On marche, les yeux baissés sur nos pieds, droit devant soit, on discerne tout de même le bruit irrégulier des pas d'un sans abris qui s'est sans doute saoulé l'heure d'avant, titubant sur le trottoir d'en face. La pluie dégouline lentement le long de nos cheveux quels qu'ils soient, puis de nos vêtements, se sont des larmes froides pourtant naturelles, elles ne proviennent pas de nulle part. Tout est gris, les bâtiments, les gens, tout semble mourir lentement, mais sûrement. Quand soudain, tout est ralenti, le rayon de soleil arrive alors sur les alentours, donnant aux larmes de la triste pluie les milles couleurs de la douceur et du bonheur. On s'en étonne mais on aime ça. C'est vrai que c'est si agréable, ce craquement, cette fissure venant renverser le gris monotone...

Et là pourtant l'expérience n'est pas encore finie, une présence se fait sentir, ce n'est pas le claudicant de tout à l'heure, non ce n'est pas lui : c'est une aura plus mystérieuse et incompréhensible que celle plus poisseuse que l'on avait senti auparavant.

Se retourner ? Non, quand même pas, et là on se retrouve coincé, la pluie colorée tombe toujours au ralenti, la lumière amène avec elle cette nostalgie, elle ramène des souvenirs alors oubliés, empêtrés et cachés parmi la toile de nos soucis de futur adulte (ou d'adulte) ces souvenirs ensoleillés où on se revoit enfant en train de jouer avec nos amis imaginaires, sans se soucier de nos actes, du sens des paroles, où l'on profitait juste du moment. Ces étoiles avaient disparus depuis, et là soudainement elles sont réapparus, on se sent revivre et entraîné par tout cela on se retourne.

Nos yeux se rivent alors sur l'étrange être accroupi à terre, à la silhouette trapus il porte un long manteau de fourrure blanche immaculée et un chapeau de haute forme noir. En se penchant de plus près, on s'aperçoit qu'il a un nez recourbé et une peau blanche tachetée de petites tâches violettes, ses cheveux noirs et épais... et ses yeux, ses yeux nuancés du bleu ciel au vert émeraude, et cette lueur si particulière. Ses mains sont grandes, osseuses dotées de doigts longs et crochus. Et ce qu'il fait vous détourne alors de tout le reste, il tient un sac à la main et de l'autre main il attrape les goûtes de pluies qui se transforment au contact de sa main en de magnifiques pierres précieuses à l'éclat pur. À peine a-t-on le temps de soupirer d'étonnement que tout s'accélère brusquement, la pluie se remet à nous marteler tristement, et l'étrange personnage a disparu, à la place , c'est le sans abris, perdu qui se balade nonchalamment dans la direction opposée à la notre.

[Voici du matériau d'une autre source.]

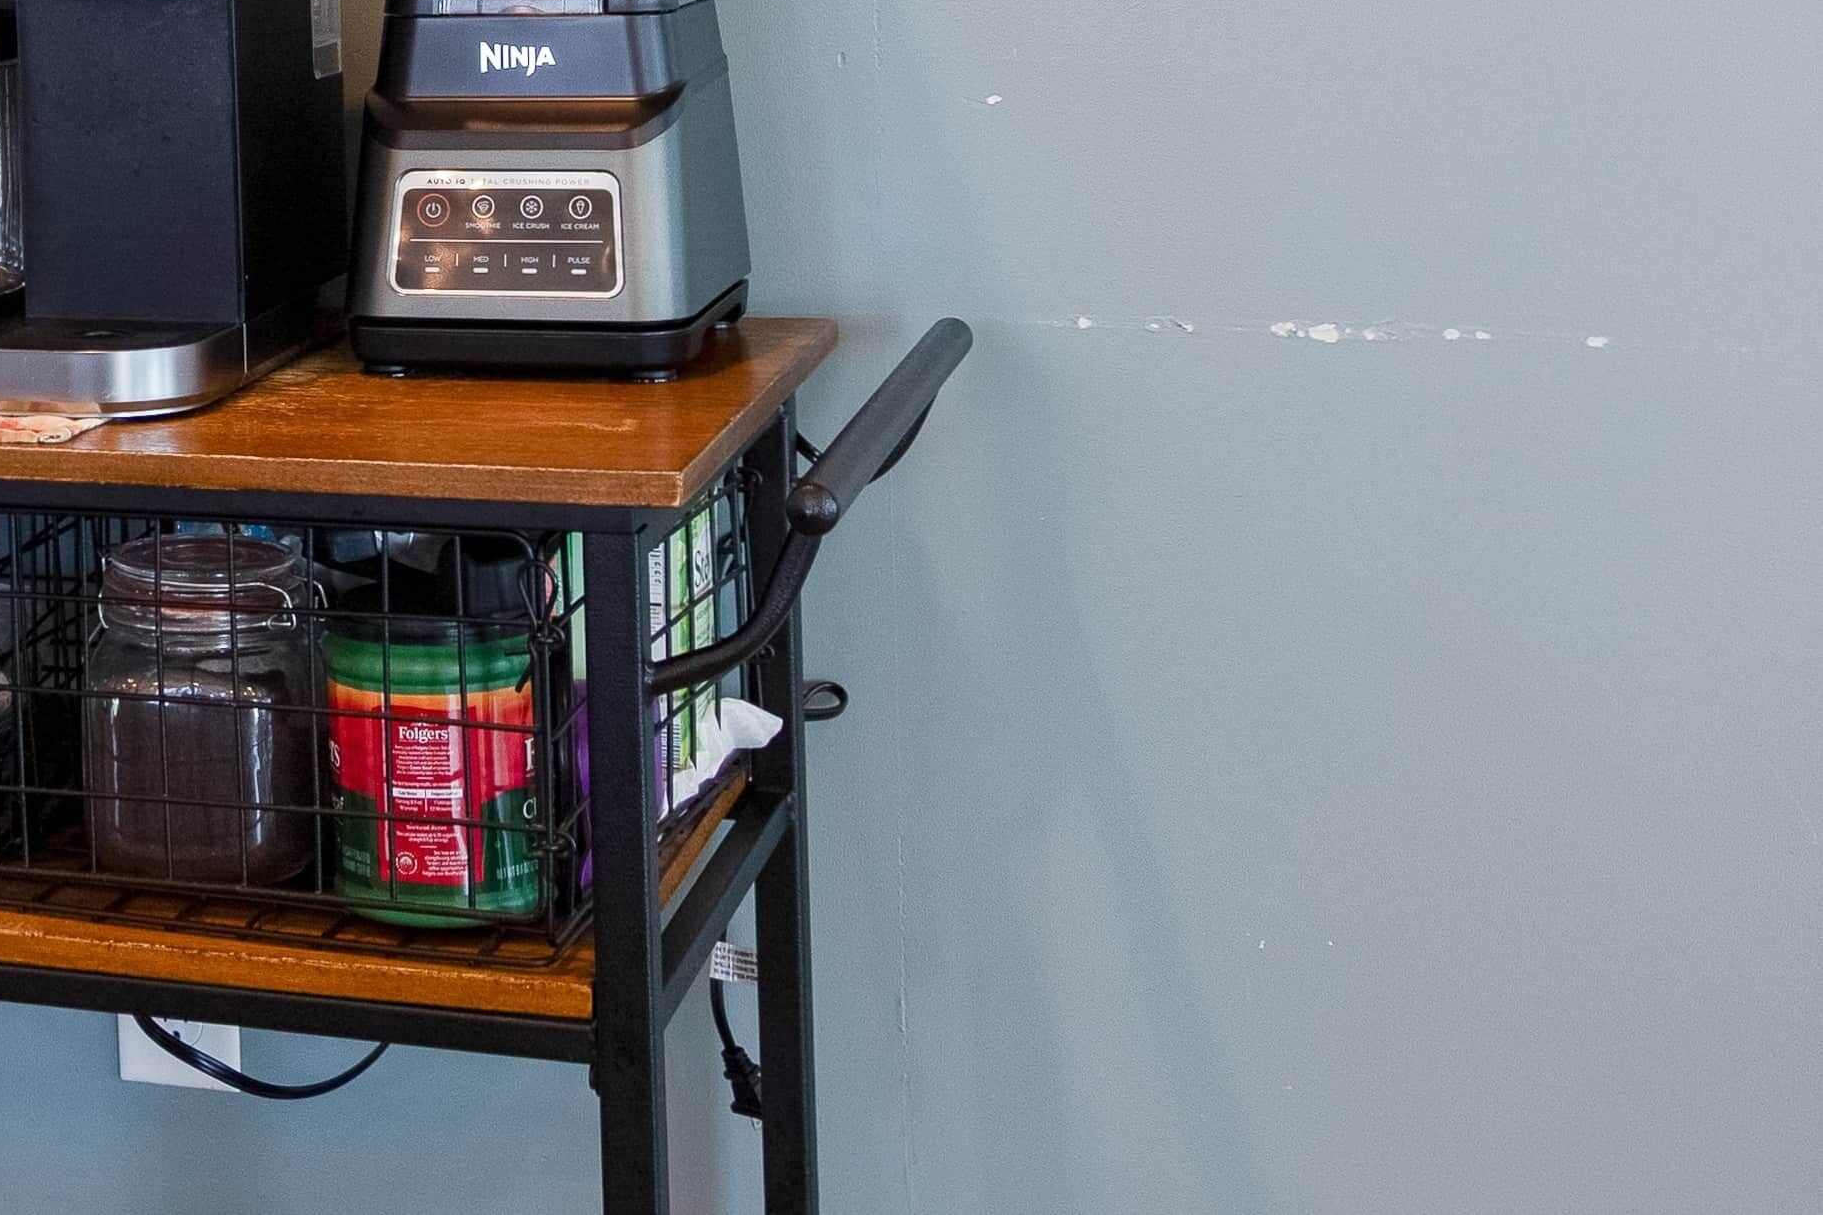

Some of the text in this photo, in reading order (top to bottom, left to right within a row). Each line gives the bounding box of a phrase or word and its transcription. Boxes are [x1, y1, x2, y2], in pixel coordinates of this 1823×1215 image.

« A quoi ai-je donc assisté? »

En général, cela s'arrête là, on se dit qu'on a halluciné et l'on repart chez soi.

En revanche, lors de mon expérience, le tout ne s'est pas fini dès le temps revenu à la normale. En rentrant à la maison, après avoir donné à mon chat quelques caresses, sans le comprendre, je me suis penchée par la fenêtre, je l'ai vu, le bossu, il n'était plus vêtus des vêtements luxueux mais de vieux haillons, et en regardant de plus près, je me suis rendue compte d'une chose :

Il s'agissait des même vêtements que portait le sans abris.

Nous nous sommes regardés pendant quelques secondes, il m'a sourit et m'a salué avant de repartir. Le soleil faisait son apparition juste après que le Bossu soit parti. J'ai retenu alors le message qu'il m'avait transmis : Quoiqu'il arrive,  quoiqu'on te dise, ne laisse rien, ni personne éteindre les étoiles dans tes yeux.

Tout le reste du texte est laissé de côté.